• EXERCISE DIRECTIONS: Copy out the records that follow, leaving every character as it is.

• PROVIDED ENTRIES:
--------------------
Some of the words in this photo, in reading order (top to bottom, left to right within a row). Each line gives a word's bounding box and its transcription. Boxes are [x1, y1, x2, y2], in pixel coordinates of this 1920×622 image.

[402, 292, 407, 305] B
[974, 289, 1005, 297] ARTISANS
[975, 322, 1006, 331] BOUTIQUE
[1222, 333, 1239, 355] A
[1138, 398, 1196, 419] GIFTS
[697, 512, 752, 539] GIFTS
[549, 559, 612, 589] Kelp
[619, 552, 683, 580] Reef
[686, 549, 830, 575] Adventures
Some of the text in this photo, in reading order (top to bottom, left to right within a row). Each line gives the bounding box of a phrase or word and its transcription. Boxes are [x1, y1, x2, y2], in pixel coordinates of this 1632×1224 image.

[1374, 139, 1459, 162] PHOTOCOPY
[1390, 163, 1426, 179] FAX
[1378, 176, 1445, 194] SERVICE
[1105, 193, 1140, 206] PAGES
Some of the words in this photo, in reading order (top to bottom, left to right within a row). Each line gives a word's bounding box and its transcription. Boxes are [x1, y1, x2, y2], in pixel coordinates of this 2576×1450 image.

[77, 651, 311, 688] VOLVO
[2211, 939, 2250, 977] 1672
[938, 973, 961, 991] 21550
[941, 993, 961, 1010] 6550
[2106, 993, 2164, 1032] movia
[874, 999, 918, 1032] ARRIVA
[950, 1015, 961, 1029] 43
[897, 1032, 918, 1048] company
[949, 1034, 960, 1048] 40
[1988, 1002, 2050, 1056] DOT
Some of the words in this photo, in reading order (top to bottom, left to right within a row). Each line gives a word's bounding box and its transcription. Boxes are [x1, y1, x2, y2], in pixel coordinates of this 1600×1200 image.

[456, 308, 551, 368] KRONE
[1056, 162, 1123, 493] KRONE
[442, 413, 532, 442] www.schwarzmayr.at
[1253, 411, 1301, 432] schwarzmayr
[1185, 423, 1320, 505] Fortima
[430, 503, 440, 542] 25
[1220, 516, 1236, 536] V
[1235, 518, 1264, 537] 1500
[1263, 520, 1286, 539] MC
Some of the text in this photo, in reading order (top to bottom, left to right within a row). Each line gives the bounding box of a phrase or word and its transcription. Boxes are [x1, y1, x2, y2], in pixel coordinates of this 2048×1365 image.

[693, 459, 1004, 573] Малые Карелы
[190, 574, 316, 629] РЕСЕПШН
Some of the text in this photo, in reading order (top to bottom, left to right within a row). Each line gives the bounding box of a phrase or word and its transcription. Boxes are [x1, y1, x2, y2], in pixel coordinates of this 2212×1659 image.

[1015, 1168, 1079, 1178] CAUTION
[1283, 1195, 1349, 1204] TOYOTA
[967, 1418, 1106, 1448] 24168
--------------------
• COMPLETED TASK:
Some of the words in this photo, in reading order (top to bottom, left to right within a row). Each line gives a word's bounding box and its transcription. Boxes are [x1, y1, x2, y2], in pixel coordinates of this 1920×622 image.

[402, 292, 407, 305] B
[974, 289, 1005, 297] ARTISANS
[975, 322, 1006, 331] BOUTIQUE
[1222, 333, 1239, 355] A
[1138, 398, 1196, 419] GIFTS
[697, 512, 752, 539] GIFTS
[549, 559, 612, 589] Kelp
[619, 552, 683, 580] Reef
[686, 549, 830, 575] Adventures
Some of the text in this photo, in reading order (top to bottom, left to right within a row). Each line gives the bounding box of a phrase or word and its transcription. Boxes are [x1, y1, x2, y2], in pixel coordinates of this 1632×1224 image.

[1374, 139, 1459, 162] PHOTOCOPY
[1390, 163, 1426, 179] FAX
[1378, 176, 1445, 194] SERVICE
[1105, 193, 1140, 206] PAGES
Some of the words in this photo, in reading order (top to bottom, left to right within a row). Each line gives a word's bounding box and its transcription. Boxes are [x1, y1, x2, y2], in pixel coordinates of this 2576×1450 image.

[77, 651, 311, 688] VOLVO
[2211, 939, 2250, 977] 1672
[938, 973, 961, 991] 21550
[941, 993, 961, 1010] 6550
[2106, 993, 2164, 1032] movia
[874, 999, 918, 1032] ARRIVA
[950, 1015, 961, 1029] 43
[897, 1032, 918, 1048] company
[949, 1034, 960, 1048] 40
[1988, 1002, 2050, 1056] DOT
Some of the words in this photo, in reading order (top to bottom, left to right within a row). Each line gives a word's bounding box and its transcription. Boxes are [x1, y1, x2, y2], in pixel coordinates of this 1600×1200 image.

[456, 308, 551, 368] KRONE
[1056, 162, 1123, 493] KRONE
[442, 413, 532, 442] www.schwarzmayr.at
[1253, 411, 1301, 432] schwarzmayr
[1185, 423, 1320, 505] Fortima
[430, 503, 440, 542] 25
[1220, 516, 1236, 536] V
[1235, 518, 1264, 537] 1500
[1263, 520, 1286, 539] MC
Some of the text in this photo, in reading order (top to bottom, left to right within a row). Each line gives the bounding box of a phrase or word and its transcription. Boxes are [x1, y1, x2, y2], in pixel coordinates of this 2048×1365 image.

[693, 459, 1004, 573] Малые Карелы
[190, 574, 316, 629] РЕСЕПШН
Some of the text in this photo, in reading order (top to bottom, left to right within a row). Each line gives the bounding box of a phrase or word and its transcription. Boxes are [x1, y1, x2, y2], in pixel coordinates of this 2212×1659 image.

[1015, 1168, 1079, 1178] CAUTION
[1283, 1195, 1349, 1204] TOYOTA
[967, 1418, 1106, 1448] 24168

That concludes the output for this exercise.